[Task instructions] Set down, exactly as written, every line from the one containing "this 1920×1440 image." through the end of the listing.

Information provided Start Marker

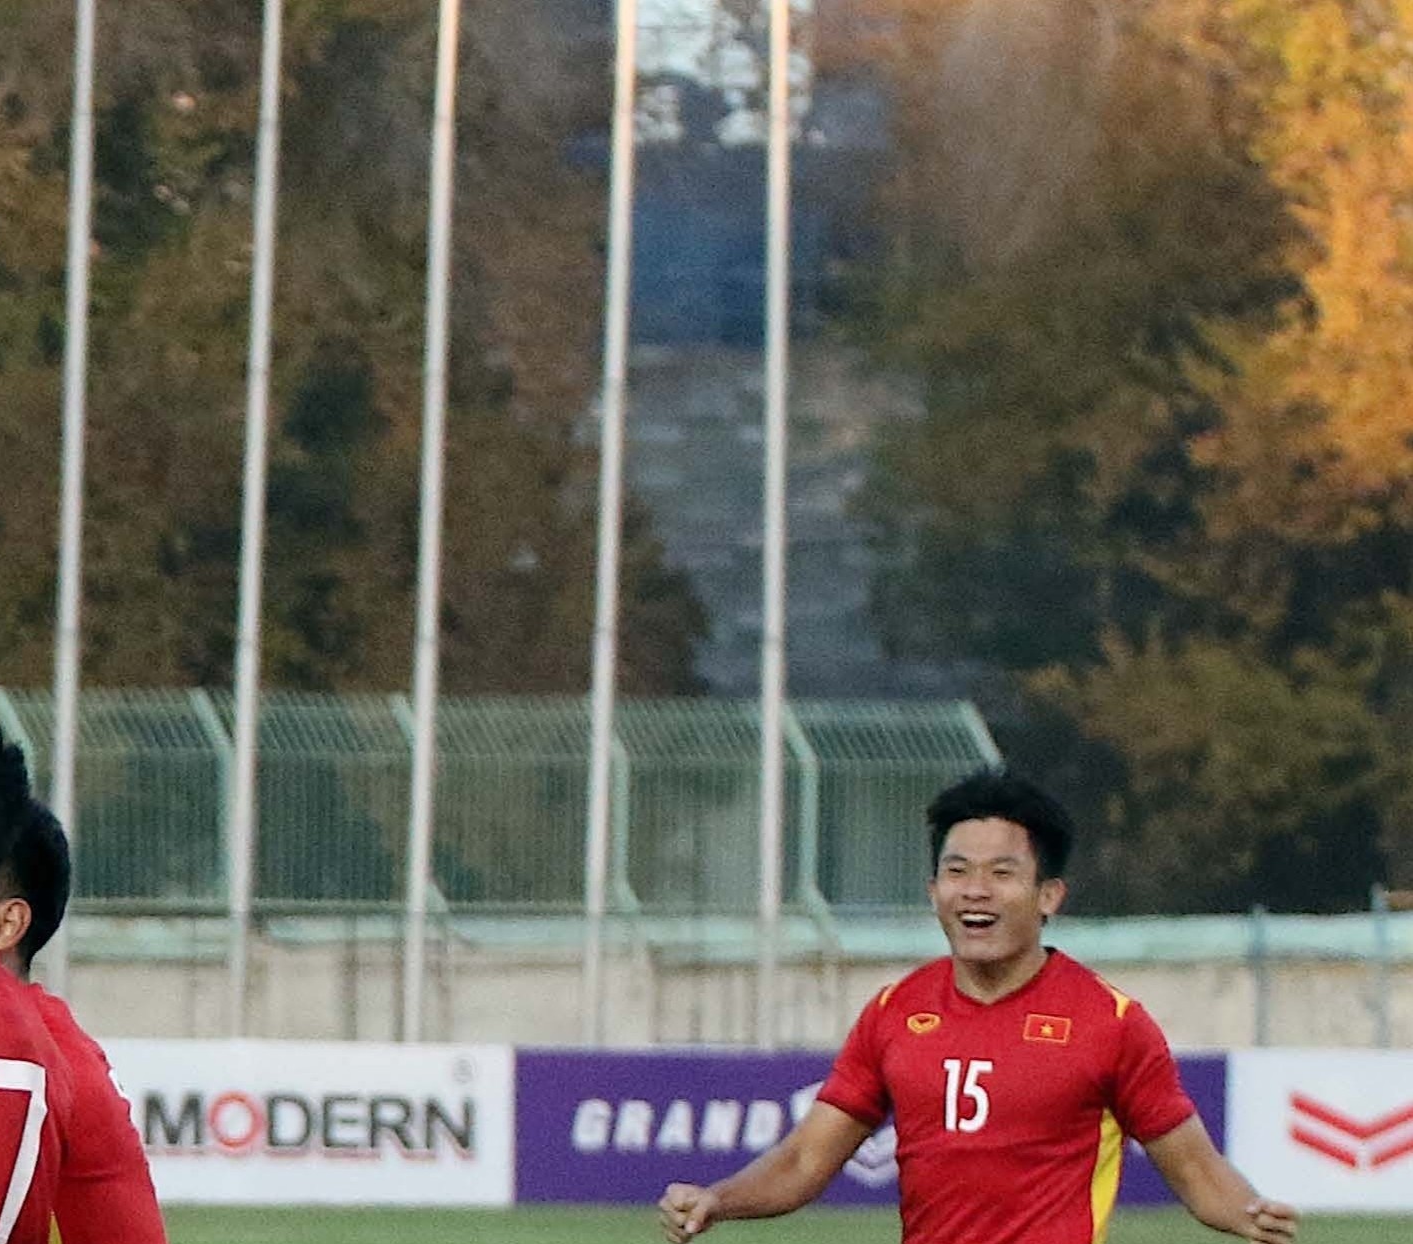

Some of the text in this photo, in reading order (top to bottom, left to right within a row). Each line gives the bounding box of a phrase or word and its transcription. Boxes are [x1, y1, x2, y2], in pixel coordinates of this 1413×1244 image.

[143, 1089, 476, 1154] MODERN
[572, 1097, 784, 1152] GRAND
[943, 1058, 994, 1133] 15
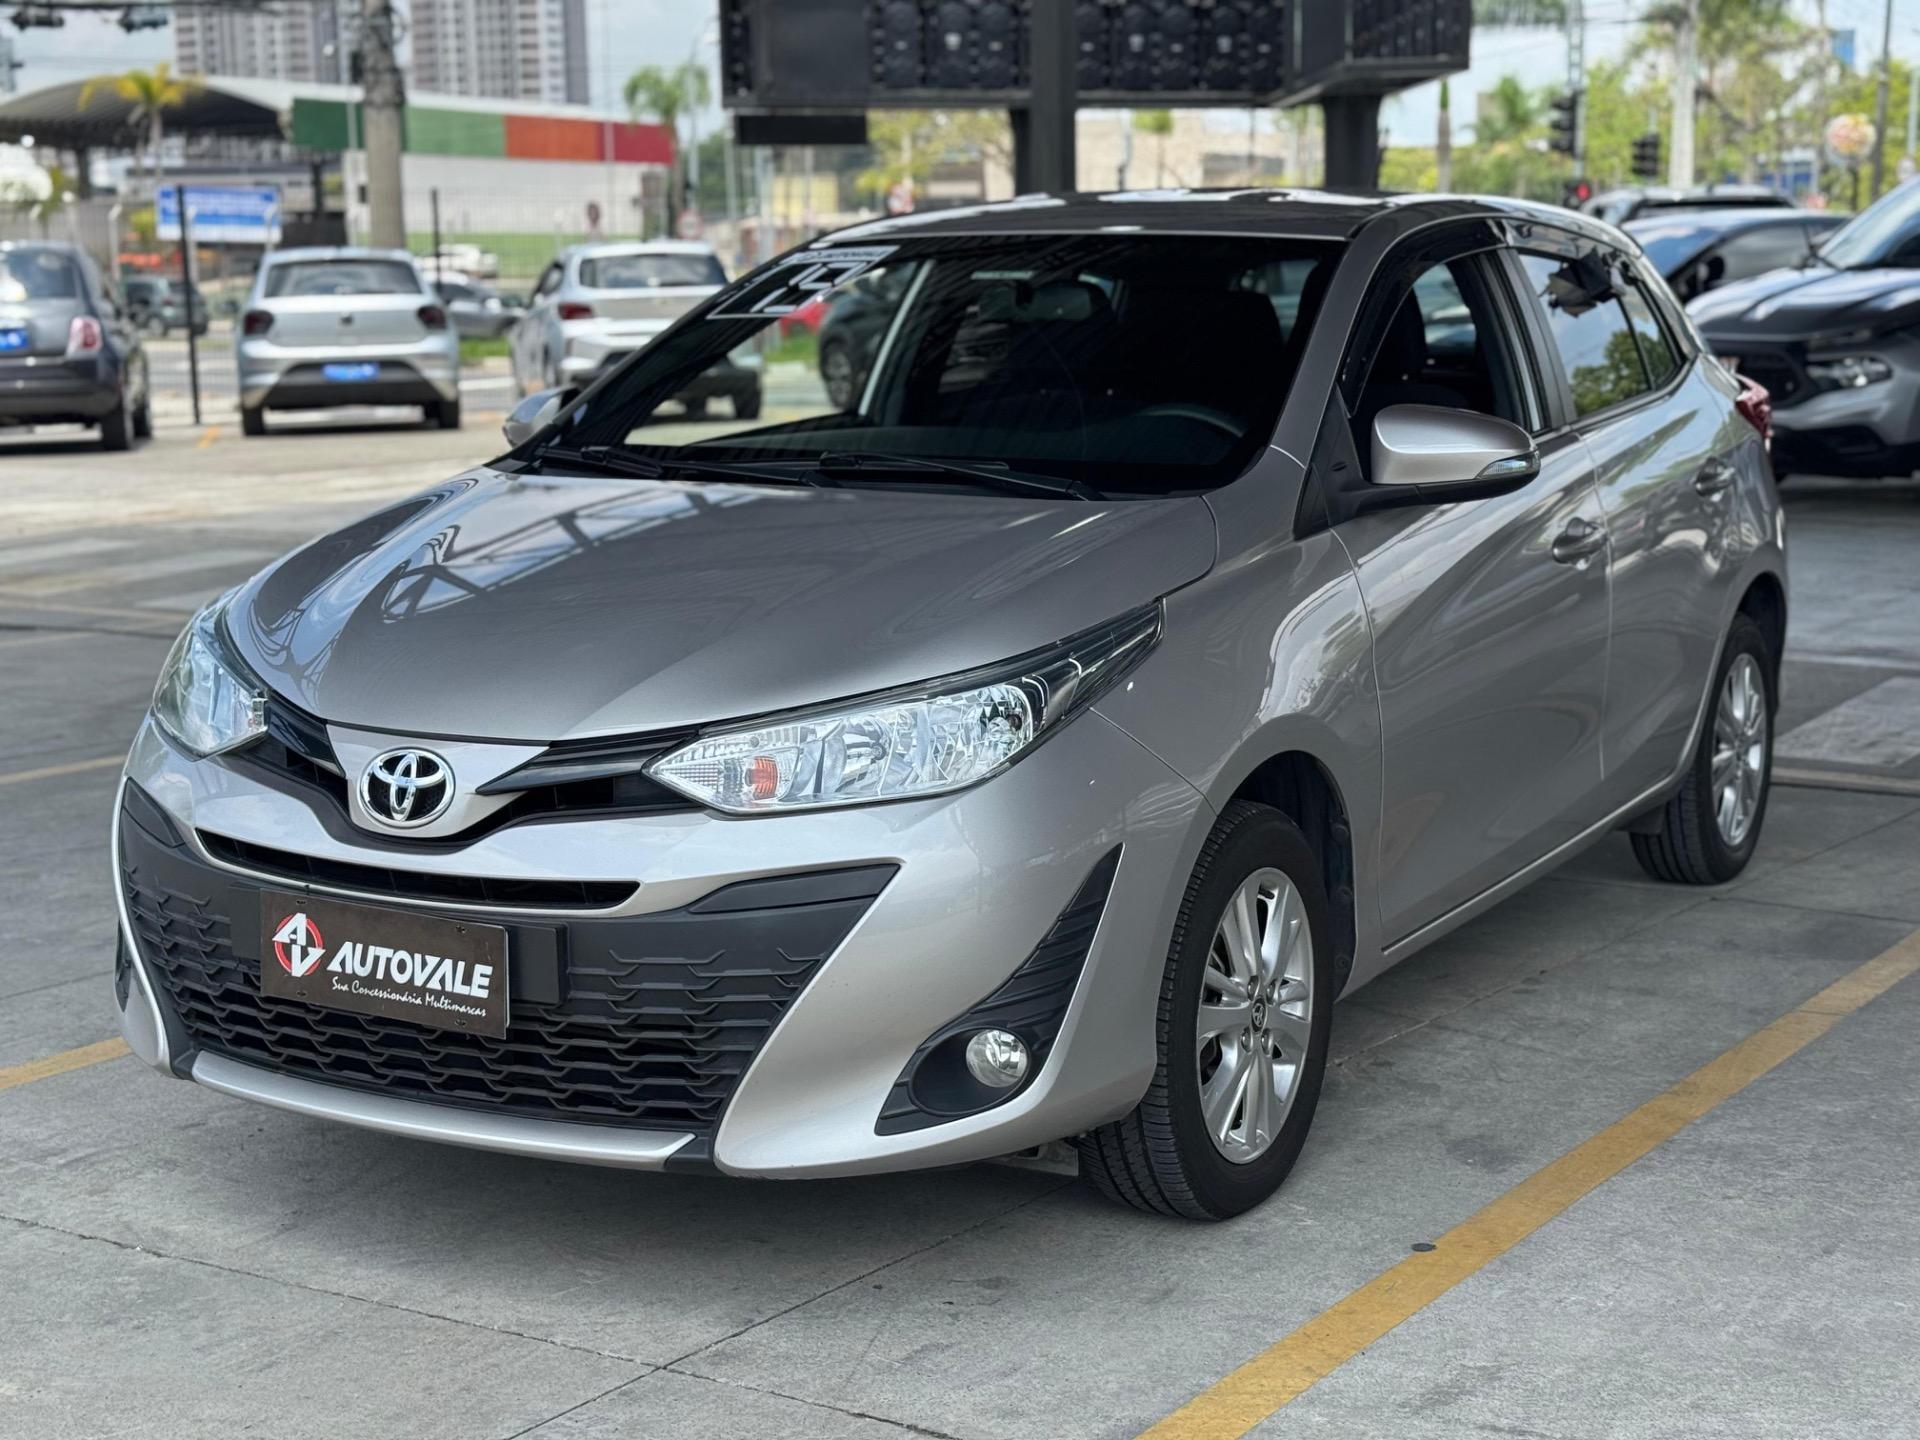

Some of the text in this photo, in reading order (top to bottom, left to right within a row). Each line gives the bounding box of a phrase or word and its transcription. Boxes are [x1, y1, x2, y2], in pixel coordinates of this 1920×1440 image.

[326, 941, 493, 999] AUTOVALE
[332, 976, 487, 1017] Sua Concessionária Multimarcas

Information provided End Marker

[Solution to this exercise]
Some of the text in this photo, in reading order (top to bottom, left to right within a row). Each line gives the bounding box of a phrase or word and its transcription. Boxes are [x1, y1, x2, y2], in pixel coordinates of this 1920×1440 image.

[326, 941, 493, 999] AUTOVALE
[332, 976, 487, 1017] Sua Concessionária Multimarcas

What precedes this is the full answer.